18.00 Anglia – Niemcy

Piotr Skowron: 1-1, w karnych 2-4 dla Niemców. Klasyk turniejowy, historia wielkich imprez zna już potyczki tych odwiecznych rywali.

Łukasz Majchrzyk: 1-3.

Jeśli patrzeć na potencjał i umiejętności zawodników, to nie ma w tym meczu zdecydowanego faworyta. Ale jeśli dodamy do tego historię i emocje, czyli coś, co każdy piłkarz będzie miał z tyłu głowy, to wychodzi na to, że powinni wygrać Niemcy. Zwyciężali z Anglikami wielokrotnie w ważnych turniejach. Przeszli też podczas Euro 2020 przez bardzo trudne chwile, dlatego poradzą sobie na Wembley, które jest dla niemieckiej drużyny szczęśliwym miejscem.
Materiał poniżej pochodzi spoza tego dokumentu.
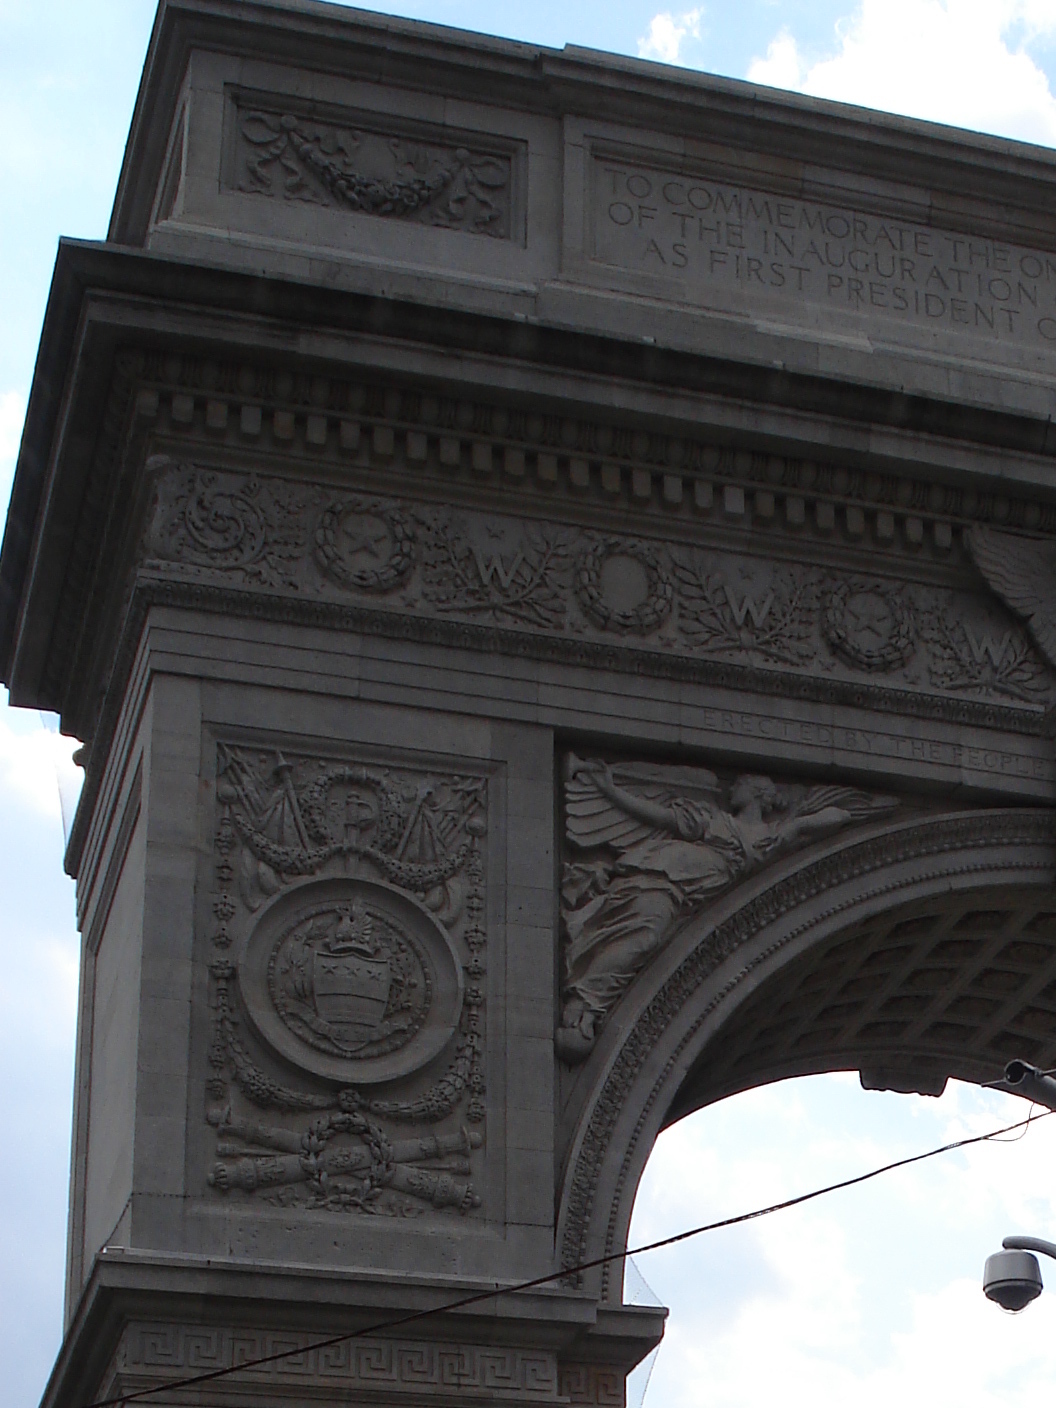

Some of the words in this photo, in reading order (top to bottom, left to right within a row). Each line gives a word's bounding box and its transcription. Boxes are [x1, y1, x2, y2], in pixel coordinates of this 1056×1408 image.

[604, 168, 652, 198] TO
[663, 182, 933, 257] COMMEMORATE
[944, 237, 1011, 273] THE
[608, 202, 657, 228] OF
[672, 212, 745, 249] THE
[764, 230, 1038, 309] INAUGURATION
[643, 239, 688, 268] AS
[710, 250, 811, 291] FIRST
[827, 274, 1020, 332] PRESIDENT
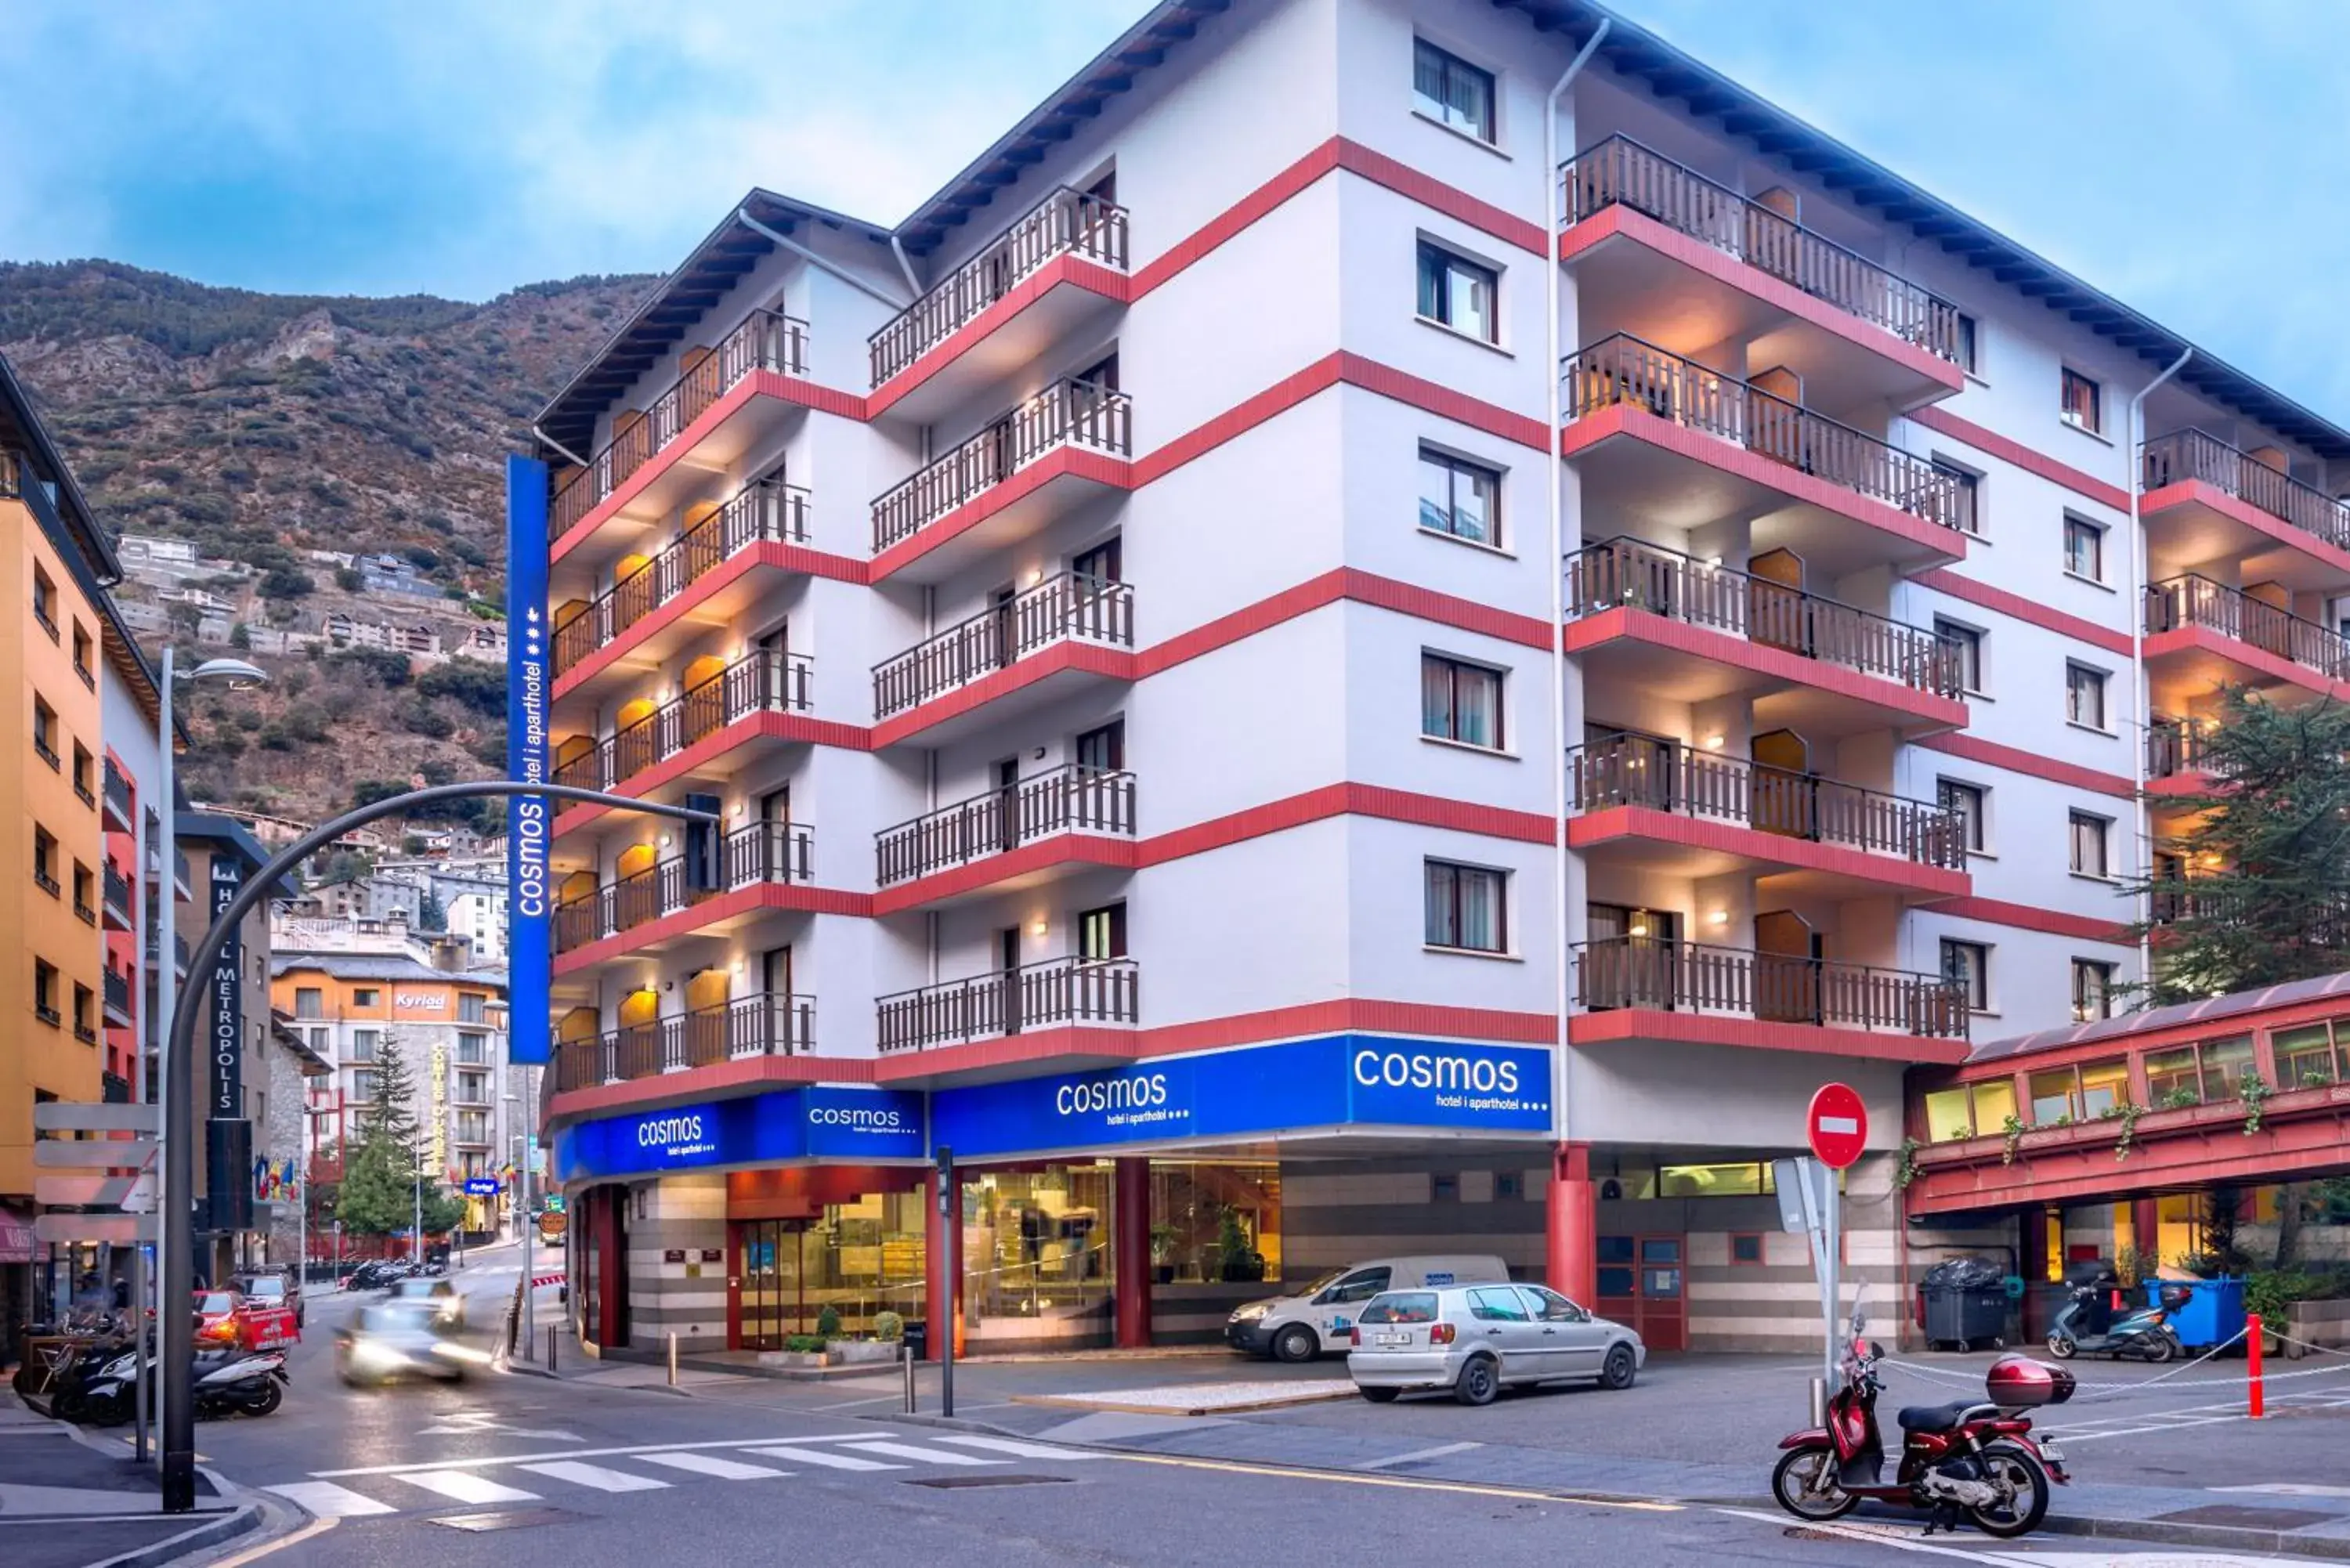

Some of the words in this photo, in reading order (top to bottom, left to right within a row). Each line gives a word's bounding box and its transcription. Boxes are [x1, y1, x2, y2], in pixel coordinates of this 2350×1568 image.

Skończy się wynikiem 3:1.

21.00 Szwecja – Ukraina

Adam Świć: 2-0. Szwedzi wiedzieli o co walczą z Polską: mają w 1/8 chyba najsłabszą drużynę z całej stawki.

Przemysław Kośmider: 1-2. Ukraina gra bardzo ładny dla oka futbol. Mają ten pierwiastek szaleństwa, za który tak kochamy futbol. Szwedzi są do bólu przewidywalni, ale za to zdyscyplinowani i konsekwentni. Niech więc wygra piłka w ładniejszym wydaniu!